By Geno McGahee
In 1990, Tom Hanks was on rise in Hollywood with the films BIG and TURNER & HOOCH coming out the year before. The next movie is probably the one that he’d like to forget and is mostly forgotten by people: JOE VERSUS THE VOLCANO. It had a 25 million dollar budget and made 39.4 million, making it profitable but not a huge success.
Joe Banks (Tom Hanks) works at a shitty job in a dimly lit office and is miserable. He always thinks he’s sick and he keeps going to the doctors without any illness found. This constant absence from work doesn’t make his boss, Mr. Waturi (Dan Hedaya), happy and Hedaya is one of the only bright spots in this entire movie. He did his best with the material he was given, but this film was grating very early on.
Dr. Ellison (Robert Stack) tells Joe that he has six months to live and that he has a brain cloud. Joe goes back to his job and quits and then asks out DeDe (Meg Ryan). OK, I really like Meg Ryan and she is very good most of the time, but she cannot do a character with an accent and she is a terrible character actor. She starts off with a bad New Yorker accent and it’s bad…not Shelly Long bad, but not good for sure.
Depressed, Joe goes home and is visited by Graynamore (Lloyd Bridges), a rich guy with a business proposal. He offers to give Joe an endless supply of money if he jumps into a volcano to appease a tribe on an island. Considering he is going to die in six months, the deal is taken and Joe is now driving around in a limo with Marshall, played by Ossie Davis. Davis proves to be another bright spot in this film. He is always good, even when he’s in a shitty film.
After spending some money, Joe meets Graynamore’s daughter, Angelica, once again played by Meg Ryan and, once again, having another annoying and unconvincing accent. She is an artist and a painter and rambles on about her dad. It is painful to watch and hard to get through, but in the interest of the people, so you don’t have to suffer through it, I had to proceed so I could do this review.
The next stop for Joe is to be picked up by a yacht and Patricia (AGAIN PLAYED BY MEG RYAN!) and they are off to the island where they are completely unsophisticated but drink orange soda. I guess they thought it was funny. It wasn’t and there really isn’t anything funny in this film.
On the island, they meet this tribe and they are drinking orange soda and they wear hats made of the soda cans. No, still not funny, in case you are wondering. The Chief of the Waponis (Abe Vigoda) meets Joe and sometimes Vigoda can be sort of funny but not here. You can tell that he’s trying his best, but it’s just not there.

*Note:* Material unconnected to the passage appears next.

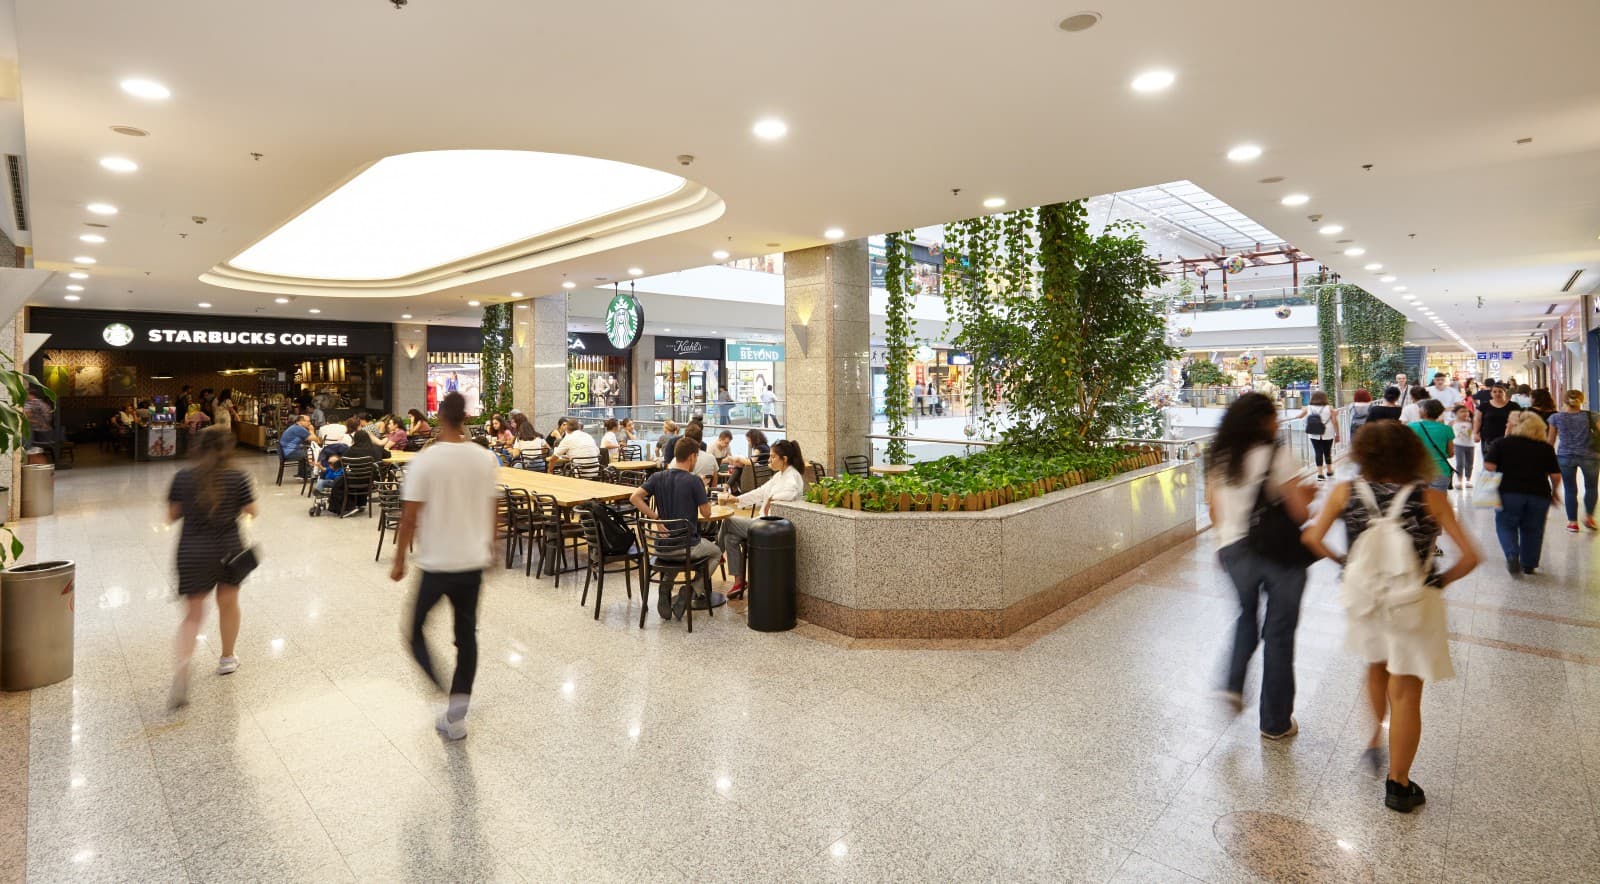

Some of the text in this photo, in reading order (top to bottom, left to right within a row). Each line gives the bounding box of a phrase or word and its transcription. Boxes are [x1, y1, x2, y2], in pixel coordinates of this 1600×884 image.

[148, 329, 348, 346] STARBUCKS COFFEE
[673, 340, 702, 355] Kiehl's
[740, 349, 779, 360] BEYOND
[573, 392, 586, 403] 70

Out of nowhere, Patricia announces her love for Joe and vice versa and the two decide to jump into the volcano together. Both of them dying would be a good way to wrap up this movie, especially if DeDe and Angelica showed up and jumped in too, but that didn’t happen, sadly enough. Joe and Patricia and blown out of the volcano and live and then they learn that Joe was tricked and he’s not dying.

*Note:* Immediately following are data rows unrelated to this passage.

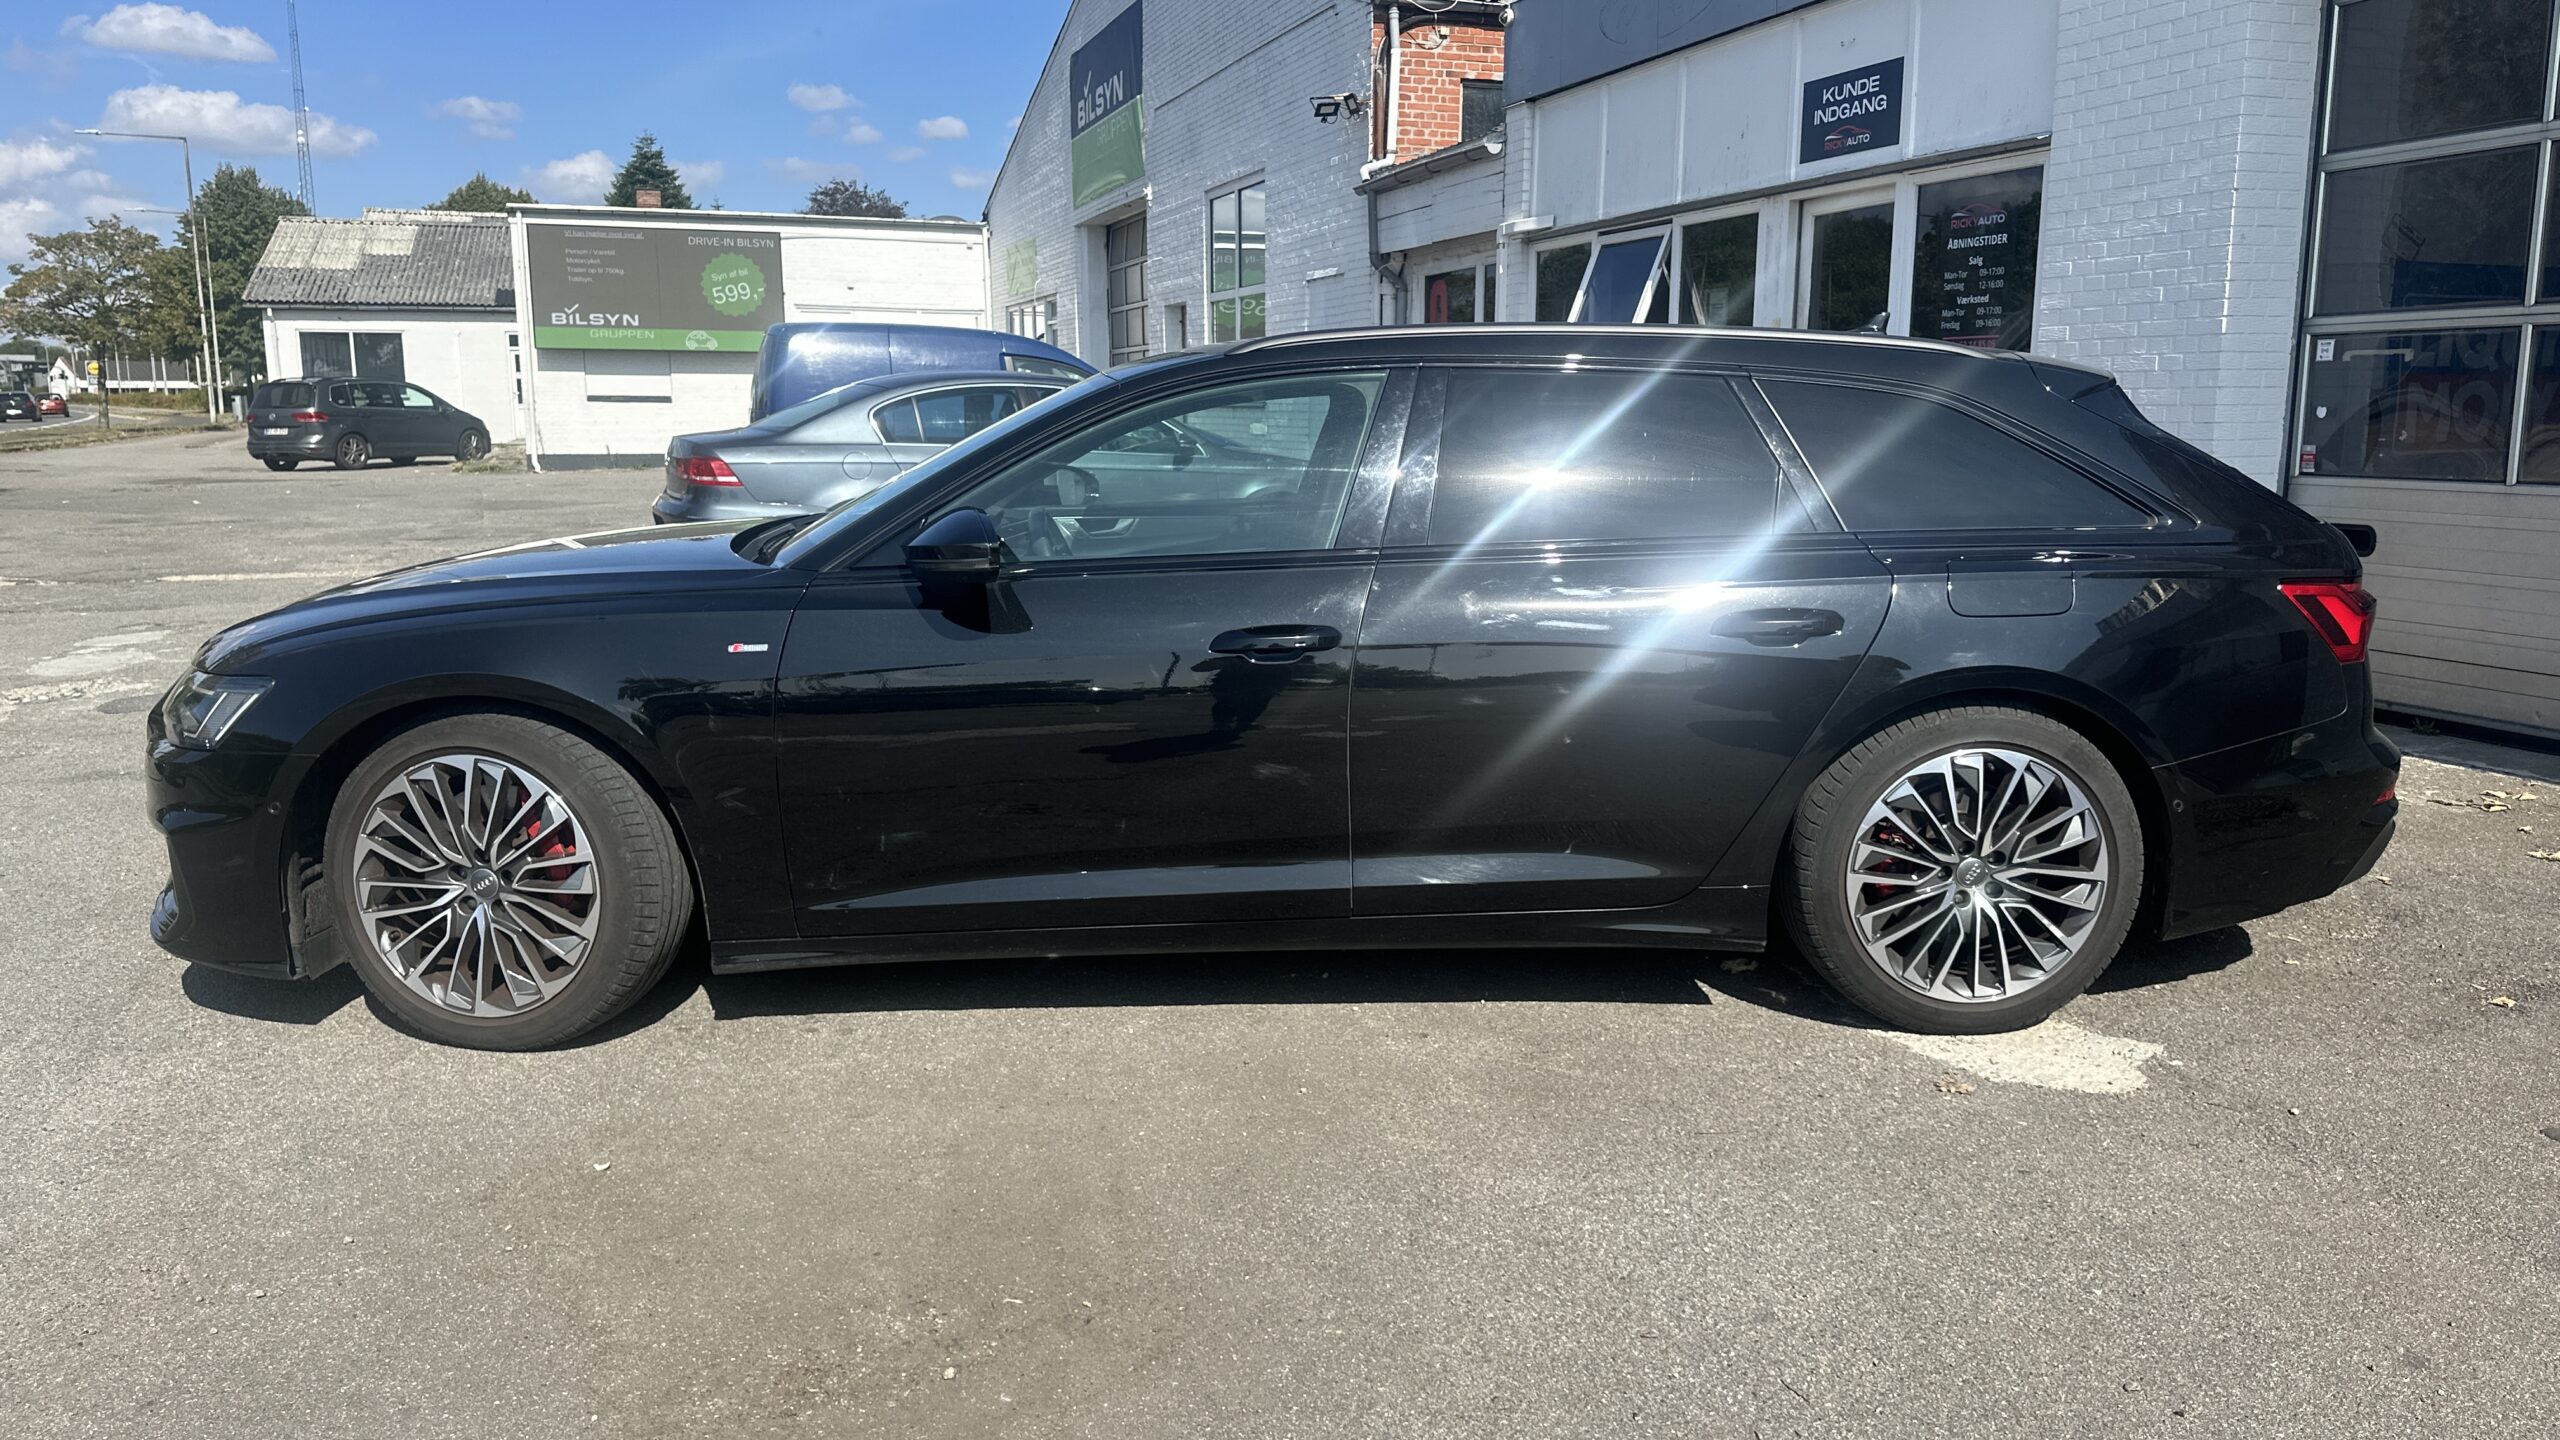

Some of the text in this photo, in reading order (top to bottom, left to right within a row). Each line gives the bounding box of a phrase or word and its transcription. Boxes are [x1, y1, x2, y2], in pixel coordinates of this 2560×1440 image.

[1823, 75, 1880, 104] KUNDE
[1078, 70, 1123, 129] BILSYN
[1814, 94, 1887, 125] INDGANG
[688, 236, 774, 248] DRIVE-IN BILSYN
[1947, 233, 2008, 250] ÅBNINGSTIDER
[1969, 256, 1983, 266] Salg
[711, 273, 727, 282] Syn
[738, 268, 749, 277] bil
[1944, 267, 2005, 280] Man-Tor 09-17:00
[1944, 280, 2004, 291] Søndag 12-16:00
[712, 282, 764, 304] 599,-
[1957, 294, 1990, 305] Værksted
[1941, 306, 2002, 318] Man-Tor 09-17:00
[551, 312, 640, 326] BILSYN
[1941, 319, 2001, 330] Fredag 09-16:00
[589, 328, 655, 339] GRUPPEN

JOE VERSUS THE VOLCANO is a terribly unfunny and annoying film with the worst performance(s) from Meg Ryan ever. The writer and director, John Patrick Shanley, doesn’t have many hits under his belt, but he did write ALIVE, which was a good film and wrote CONGO too, which was not a good movie, but not bad compared to JOE VERSUS THE VOLCANO.
Hanks was seen as a comedic actor only at this time and they tried to emphasize that here with several scenes of him overacting and doing silly things in hopes for some comedy to materialize. At one point he’s dancing and it goes on forever, and then he thrusts his ass at the camera. I wonder if the director demanded that. “Thrust that Hanks ass at the camera! That’s what the people want!” I’m glad my television isn’t one of those 3D models. That would have been Hanks ass overload.
This is about as bad as it gets and I disliked it to the point where I almost got angry at the film and especially Meg Ryan. She can be funny and endearing, but what shit she was here. Avoid this one at all costs. It’s annoying, stupid, unfunny and is easily the worst film in the career of Hanks (I think).